Athlete with Diabetes


Gregory Czarnecki

Jake D. Veigel



INTRODUCTION

For patients with both type 1 and type 2 diabetes mellitus, exercise has been and continues to be an integral component of disease management. While exercise has shown improvements in comorbidities often associated with diabetes, including improved cholesterol profile, reduced blood pressure, and weight control or reduction, knowledge of the effects of exercise on glucose regulation is imperative for both the physician and the athlete. In high-risk subjects, lifestyle modifications have been shown to prevent type 2 diabetes.1 Exercise improves insulin sensitivity and thus may be of great benefit in most diabetics; however, this increased sensitivity may also put a diabetic athlete at increased risk of a hypoglycemic event. While tight glycemic control is paramount in preventing long-term complications of diabetes, caution must be taken during exercise.


PATHOPHYSIOLOGY

Type 1 diabetes is characterized by insulin deficiency from destruction of the pancreatic β cells, most commonly from an autoimmune process. Typical presentation and diagnosis is before age 30, but this is not absolute. Progression to requirement of exogenous insulin is the natural course of type 1 diabetes. Because of the ultimate reliance on exogenous insulin, hypoglycemic events are common, and despite aggressive management, such events may place the athlete at significant risk. While exercise may be of limited benefit in reducing hemoglobin A1c values, in part due to risk of hypoglycemia, in the type 1 diabetic it may provide significant benefits, including improved cardiovascular fitness, reduced resting systolic and diastolic blood pressures, and improved lipid profile.2,3

Type 2 diabetes is characterized by insulin resistance, impaired insulin secretion, and increased glucose production. A period of impaired glucose tolerance may be present for months to years preceding type 2 diabetes. Progression to requirement of exogenous insulin is not always the case in type 2 diabetes. Exercise has been shown in part to prevent or delay progression from insulin resistance to overt type 2 diabetes.4,5 A recent Cochrane review on exercise in type 2 diabetics showed significant improvements in glycemic control as well as reductions in plasma triglycerides and visceral fat with exercise programs irrespective of weight loss.6

Serum blood glucose levels in an otherwise healthy individual remain tightly controlled through the actions of both insulin and its counterregulatory hormones including glucagon, adrenaline, cortisol, and growth hormone. Fatty acids give greatest fuel contribution to skeletal muscle at rest. Initial fuel source during exercise begins with glycogen stores in skeletal muscle, followed by blood glucose and increasing fatty acid utilization. As serum blood glucose levels fall in response to tissue uptake, insulin secretion decreases. As this happens, there is an increase in the counterregulatory hormones, most notably glucagon and epinephrine. Through liver gluconeogenesis and glycogenolysis, there is increased glucose production to maintain serum levels as skeletal muscle continues its glucose uptake. Fatty acid mobilization is also increased through actions of the counterregulatory response, increasing through hepatic production.7

Two concerns that arise in diabetic athletes, type 1 or those with type 2 on insulin or secretagogue therapy, are of exercise-induced hypoglycemia and late-onset hypoglycemia. The first effect may occur as early as 30 minutes with exercise or for several hours following exercise. This occurs in part due to the inability to suppress insulin that has already been administered and alteration of the counterregulatory response as described in the following paragraphs. The second effect may continue to be realized up to 24 hours following the exercise activity and is due to enhanced insulin sensitivity.

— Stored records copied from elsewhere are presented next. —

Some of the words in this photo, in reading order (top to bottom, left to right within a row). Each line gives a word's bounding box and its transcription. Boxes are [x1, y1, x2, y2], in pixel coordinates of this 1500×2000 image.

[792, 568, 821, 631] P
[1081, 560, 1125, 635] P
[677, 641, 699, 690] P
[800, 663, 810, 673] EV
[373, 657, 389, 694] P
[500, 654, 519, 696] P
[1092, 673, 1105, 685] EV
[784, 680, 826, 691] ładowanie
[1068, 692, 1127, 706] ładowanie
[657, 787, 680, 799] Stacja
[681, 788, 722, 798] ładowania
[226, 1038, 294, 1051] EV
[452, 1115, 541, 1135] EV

GLUT4, a transport protein in skeletal muscle, is upregulated with both exercise and insulin and is responsible for increased uptake of blood glucose, thus improving sensitivity. Following exercise, glycogen stores need replenishment in both the liver and skeletal muscle. In this state, there is a period of hyperglycemia and hyperinsulinemia. GLUT4 contributes to the increased insulin sensitivity. It is important to avoid aggressive correction of blood glucose during this time due to the enhanced action of insulin. Following prolonged exercise, complete replacement of muscle glycogen may take up to 24 hours.8 Exogenous glucose is often necessary during prolonged or moderate-high-intensity exercise and in the recovery period.

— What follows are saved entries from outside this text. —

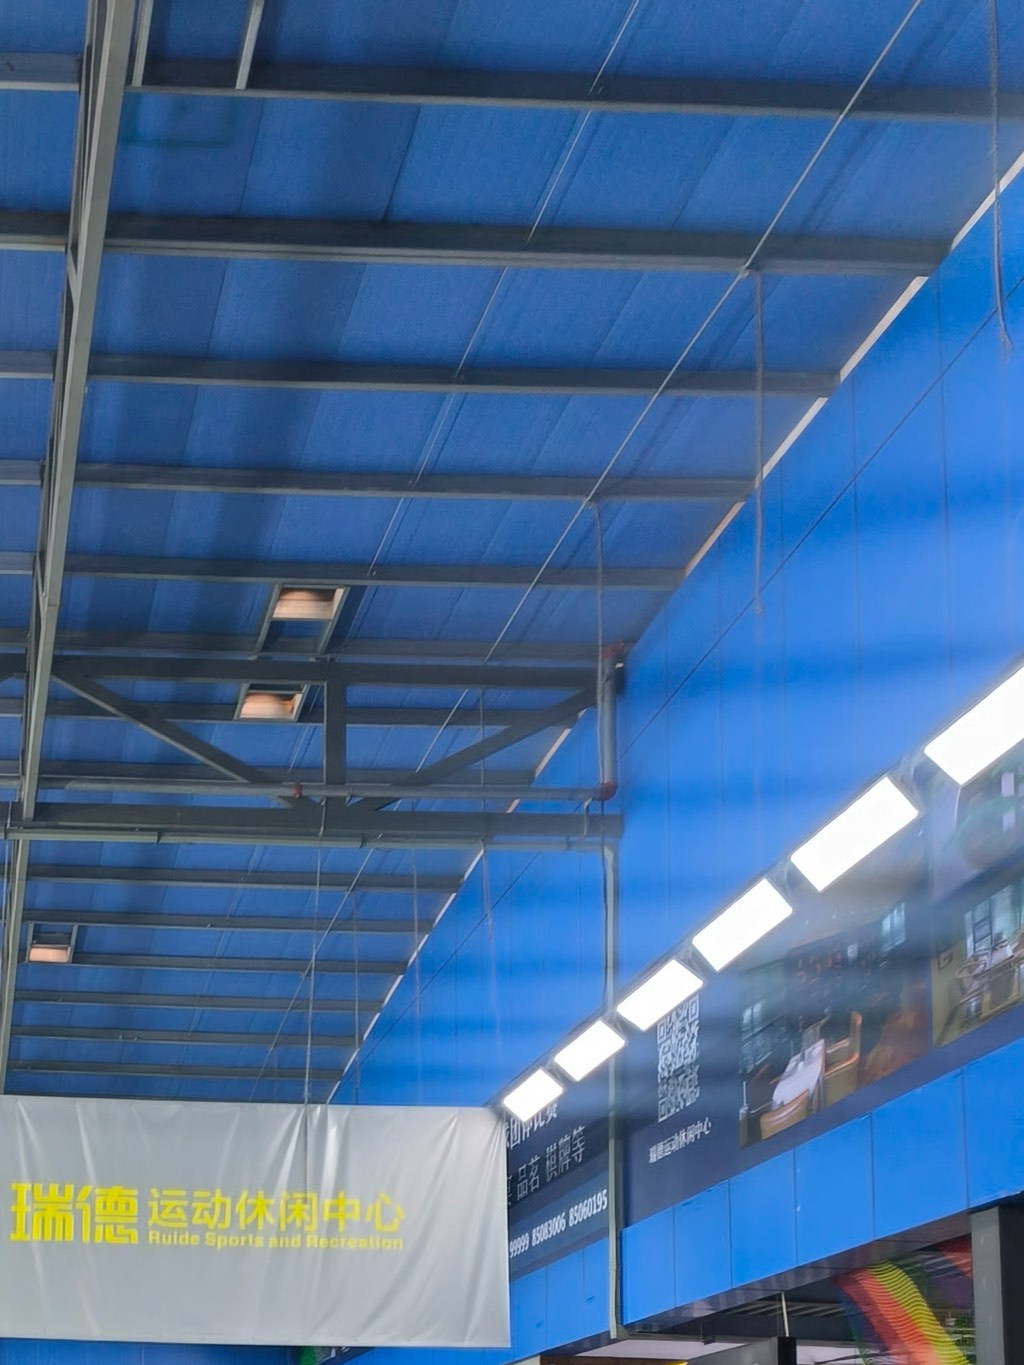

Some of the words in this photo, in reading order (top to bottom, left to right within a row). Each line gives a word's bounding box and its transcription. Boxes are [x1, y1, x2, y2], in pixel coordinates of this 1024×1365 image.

[545, 1125, 586, 1183] 棋牌等
[9, 1183, 139, 1245] 瑞德
[147, 1187, 405, 1233] 运动休闲中心
[148, 1230, 200, 1247] Ruide
[204, 1231, 263, 1249] Sports
[268, 1233, 302, 1248] and
[306, 1233, 404, 1250] Recreation
[531, 1212, 566, 1246] 85083006
[568, 1189, 608, 1227] 85060195

Failure of the regulatory system in maintaining euglycemia and preventing hypoglycemia is a common concern and reality in the diabetic athlete. In type 1 diabetics and type 2 patients on insulin therapy, there is an inability to suppress exogenous insulin levels once administered. With an insulin excess, the body’s initial response of lowering serum insulin in the setting of falling blood glucose levels during exercise is lost. On the other hand, insulin deficiency during exercise may lead to further augmentation of the counterregulatory response with resultant hyperglycemia. This, in turn, may lead to precipitating diabetic ketoacidosis or a hyperosmolar nonketotic state.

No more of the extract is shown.